Shirley Wins by Todd Taylor: Given that the title tells us the ending (Shirley wins a local pumpkin-launching contest after months of trial-and-error catapult-making), it seems fair to say this isn't a plot-oriented book. Rather, it's about the process--of birthing, making, laboring, engineering your thing (whether it's art or science) into existence. Shirley is a quiet sixty-year-old with a government job and a granddaughter she's raised from birth. It's nice to see such an uncommon protagonist, and Taylor clearly has a lot of love for her, even though he drops bowling balls and cans of paint on her. He describes her work in sharp, artful detail that reminds me of Ron Carlson and makes me think Taylor has built a thing or two in his time. The book will appeal to the mechanically minded and to those mystified by those little plastic anchors that come with Ikea shelves (guess which category I fall into).
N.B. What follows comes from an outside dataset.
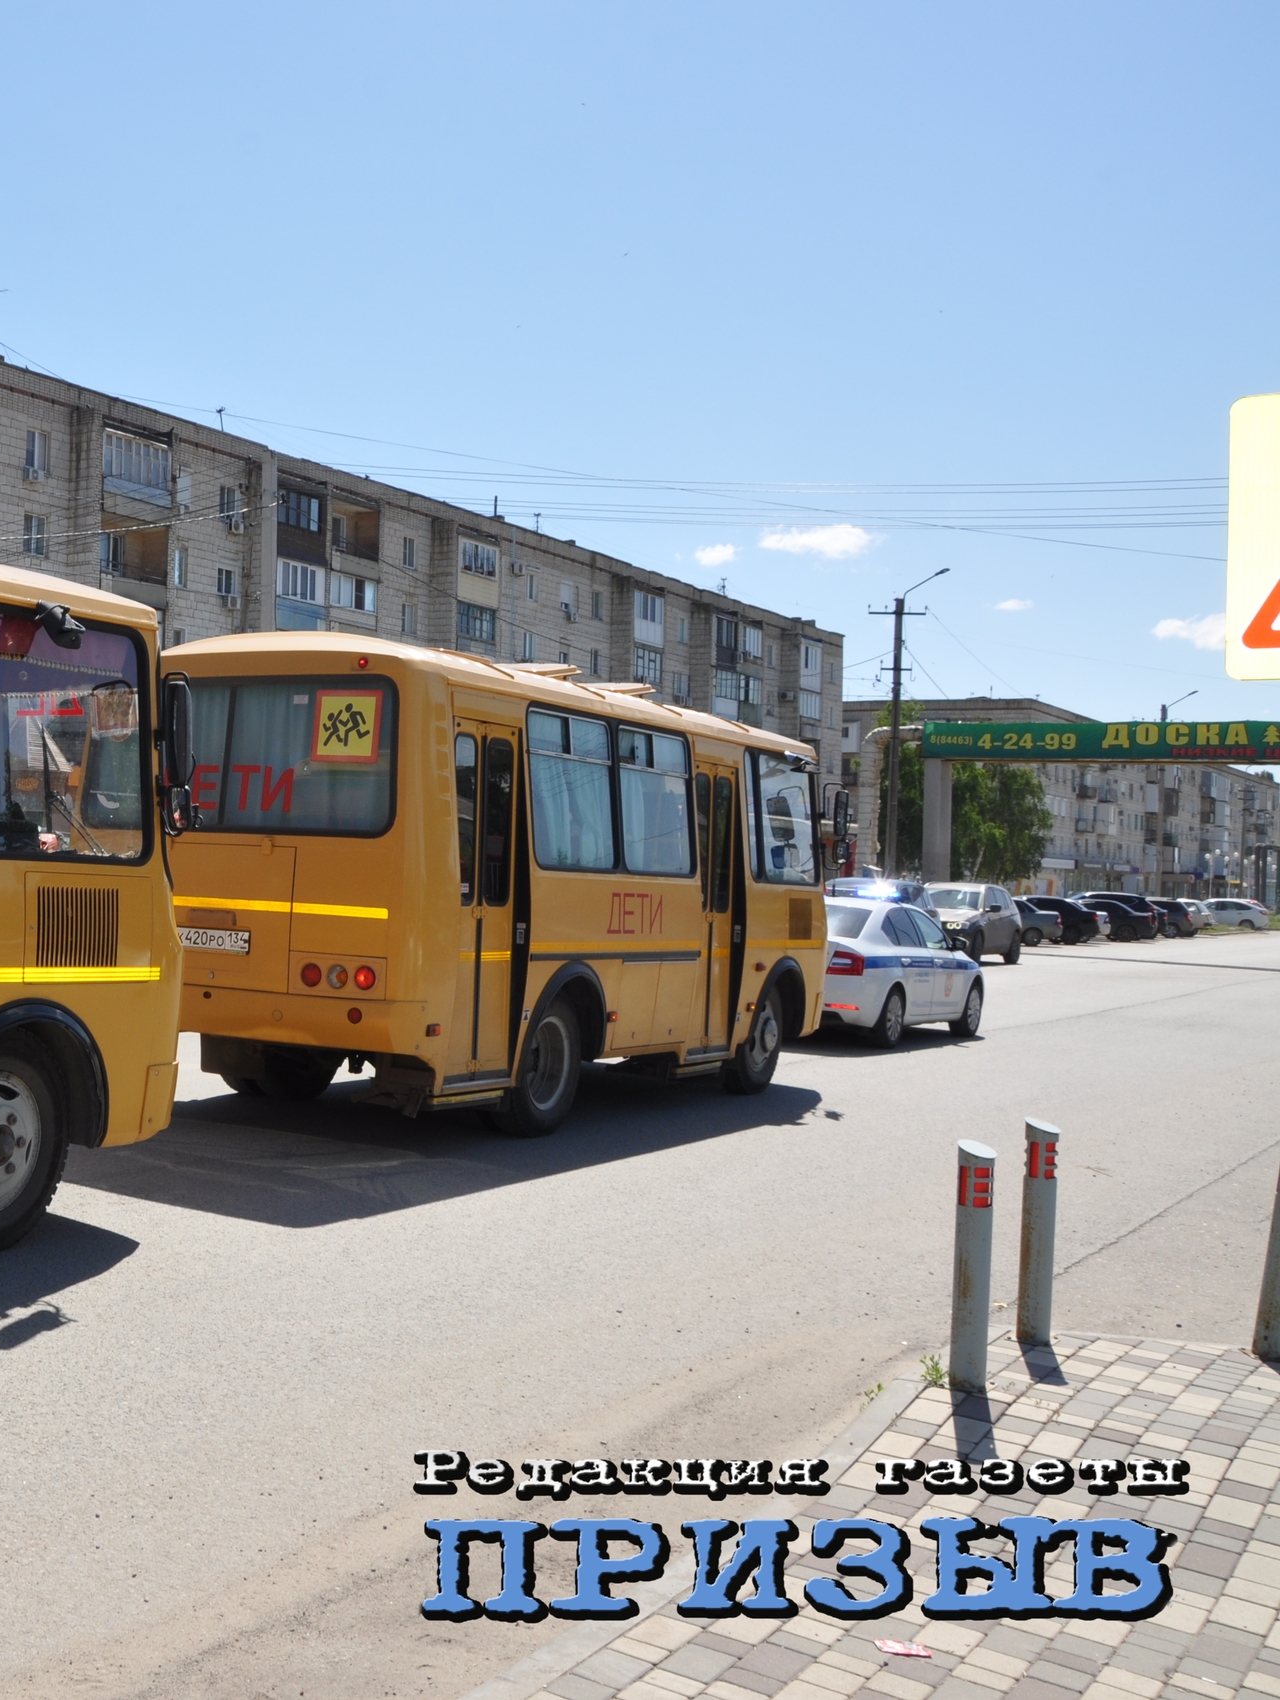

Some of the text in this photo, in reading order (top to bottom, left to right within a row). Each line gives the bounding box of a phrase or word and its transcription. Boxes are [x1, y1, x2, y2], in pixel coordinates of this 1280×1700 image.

The novel illuminates the simple and complex pleasures of hands-on tasks and problem-solving like few others I've read. I also enjoyed the flashbacks to other parts of Shriley's life, and could have used a few more, in addition to more conflict--I wondered if Taylor's love for Shirley also made him a bit too protective of her. But this is one of those novels whose kindness and elegant language I find staying with me well after finishing it.
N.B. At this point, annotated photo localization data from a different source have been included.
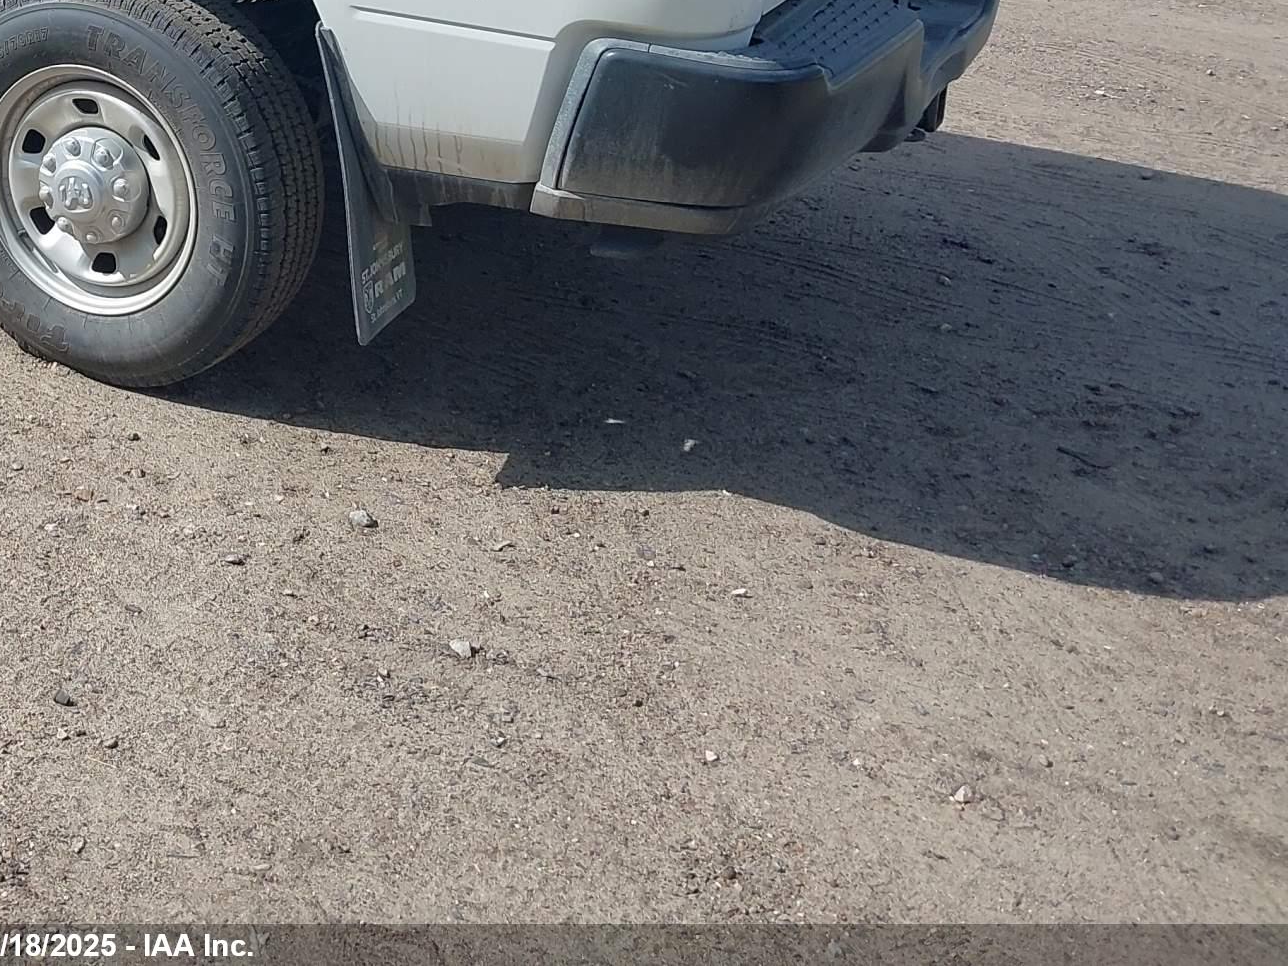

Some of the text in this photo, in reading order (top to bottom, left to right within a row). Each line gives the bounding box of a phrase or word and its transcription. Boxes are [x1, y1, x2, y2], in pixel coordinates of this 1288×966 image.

[86, 25, 236, 286] TRANSFORCE HT
[375, 261, 406, 298] RAM
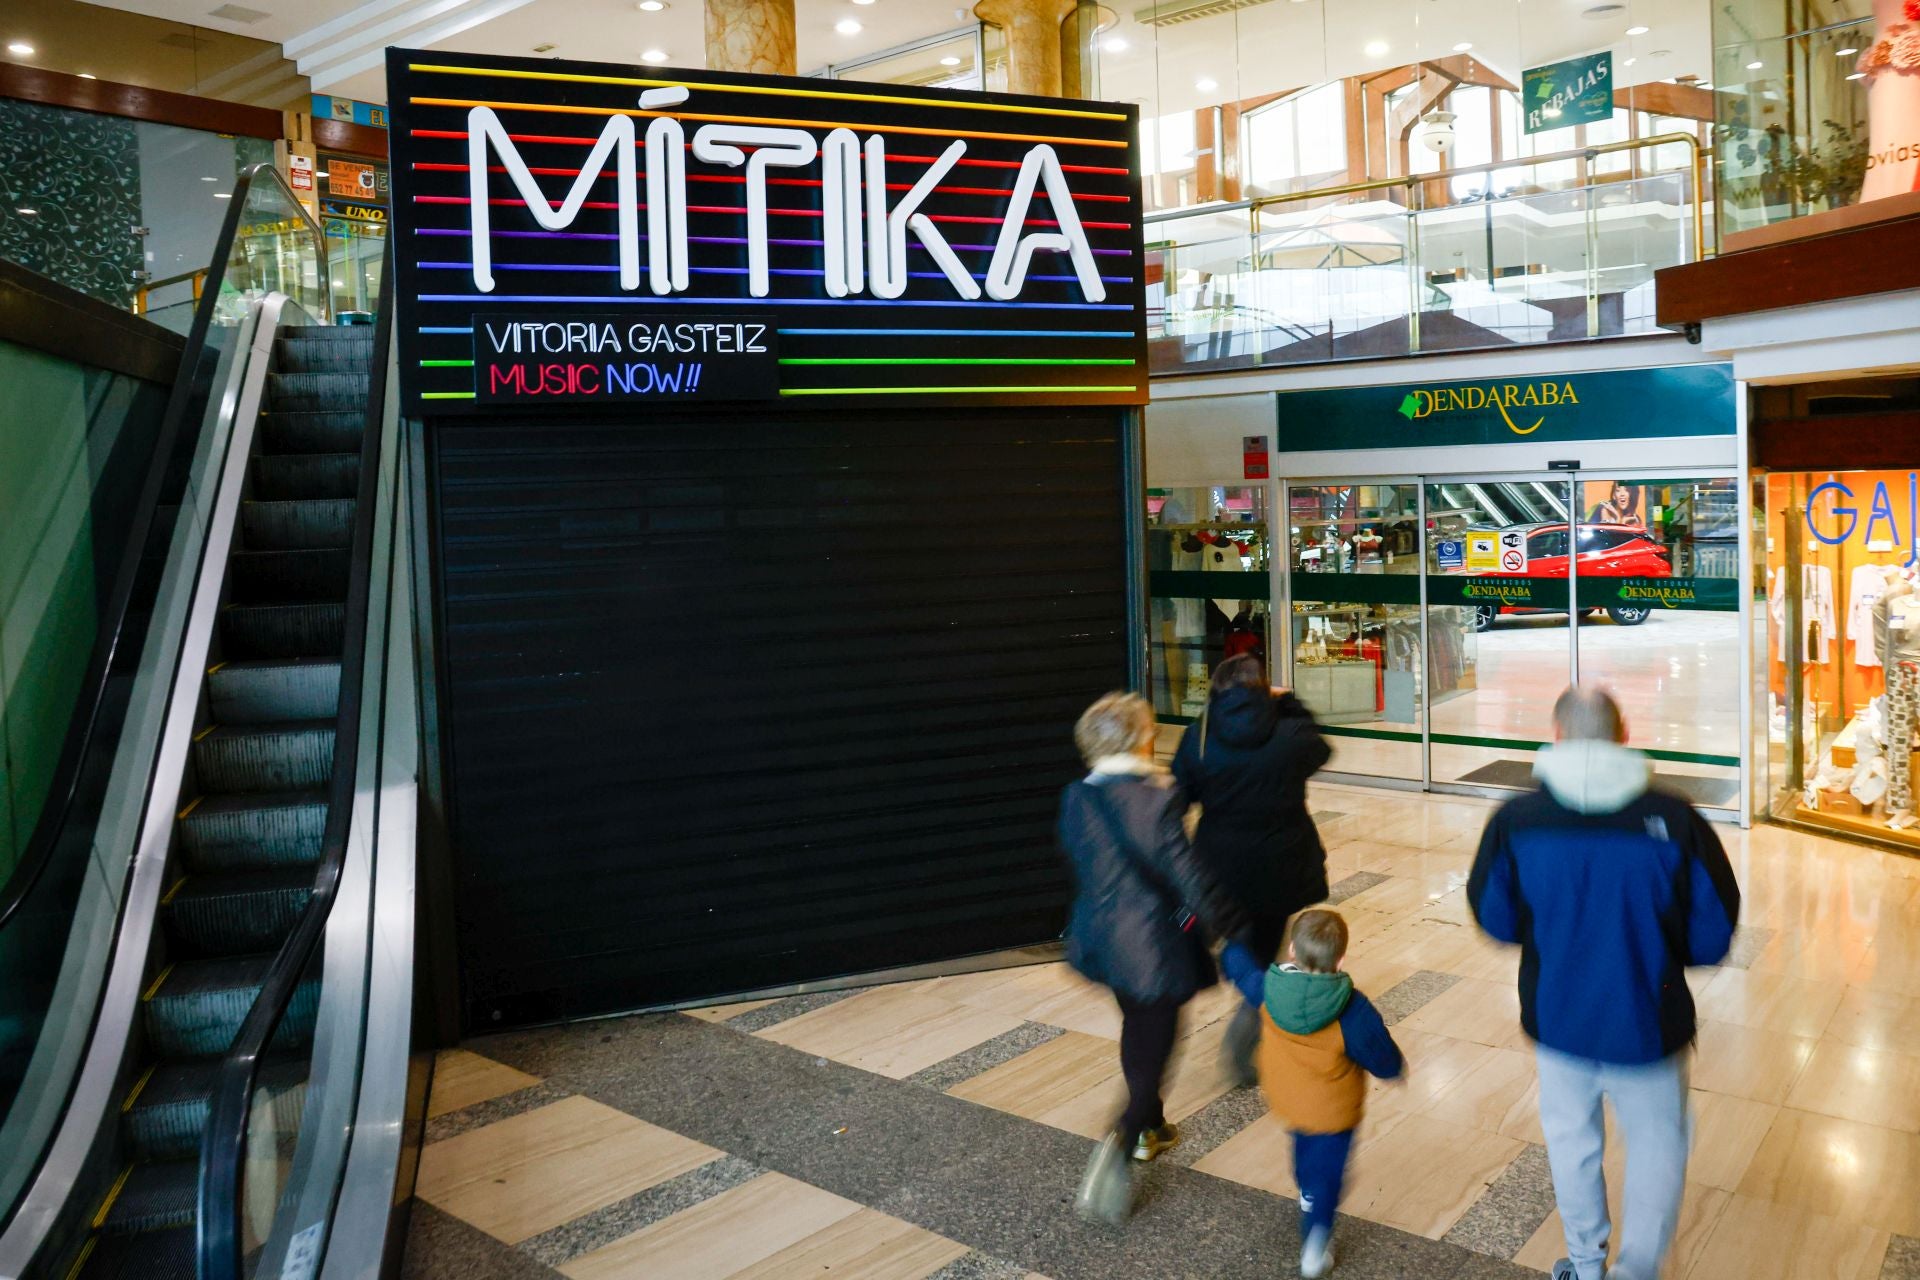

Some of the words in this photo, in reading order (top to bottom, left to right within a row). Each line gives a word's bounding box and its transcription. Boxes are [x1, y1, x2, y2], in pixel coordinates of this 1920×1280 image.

[1529, 60, 1608, 129] REBAJAS
[371, 110, 387, 127] EL
[467, 85, 1106, 303] MÍTIKA
[346, 206, 384, 220] UNO
[485, 322, 622, 353] VITORIA
[628, 323, 768, 353] GASTEIZ
[490, 363, 600, 395] MUSIC
[606, 363, 702, 394] NOW!!
[1412, 381, 1580, 434] DENDARABA
[1467, 585, 1531, 605] DENDARABA
[1623, 586, 1695, 608] DENDARABA
|Shirley's punk rock granddaughter.|
The Maid’s Version by Daniel Woodrell: The mystery--who caused the dancehall fire that killed twenty-some people in a small Ozarks town during Prohibition?--kept me turning pages, although the many characters, zigzagging chronology and dense language don't make for a particularly quick read, despite the book's novella length. But I mean that in a good way--this story is as rich as the meat bones heroine Alma smuggles home after her employer has discarded them. Woodrell wants us to take a second look at everything, to see that the good guys aren't as good as they seem, and the bad guys aren't as bad.
|The fire that one time.|
So maybe I am the next Scott Nadelson?
I loved this memoir, a collection of connected essays about reading and loneliness and the ideas people have about themselves. (Unlike Scott Nadelson, I don't spend four hours a day reading Kafka. But I like the idea of myself as someone who might.) He's simultaneously very self-conscious and very sincere; he's ruthless in documenting his own pretensions and flights of fancy, whether trying to impress a girl in his documentary filmmaking class or imagining the impact he's made on a Ukrainian student. The connections--with women and students--do come, but never in the ways or at the times literature has taught him to expect. This is a story about getting tripped up by your own stories about yourself, and being saved by stories about others. It is exactly what I needed.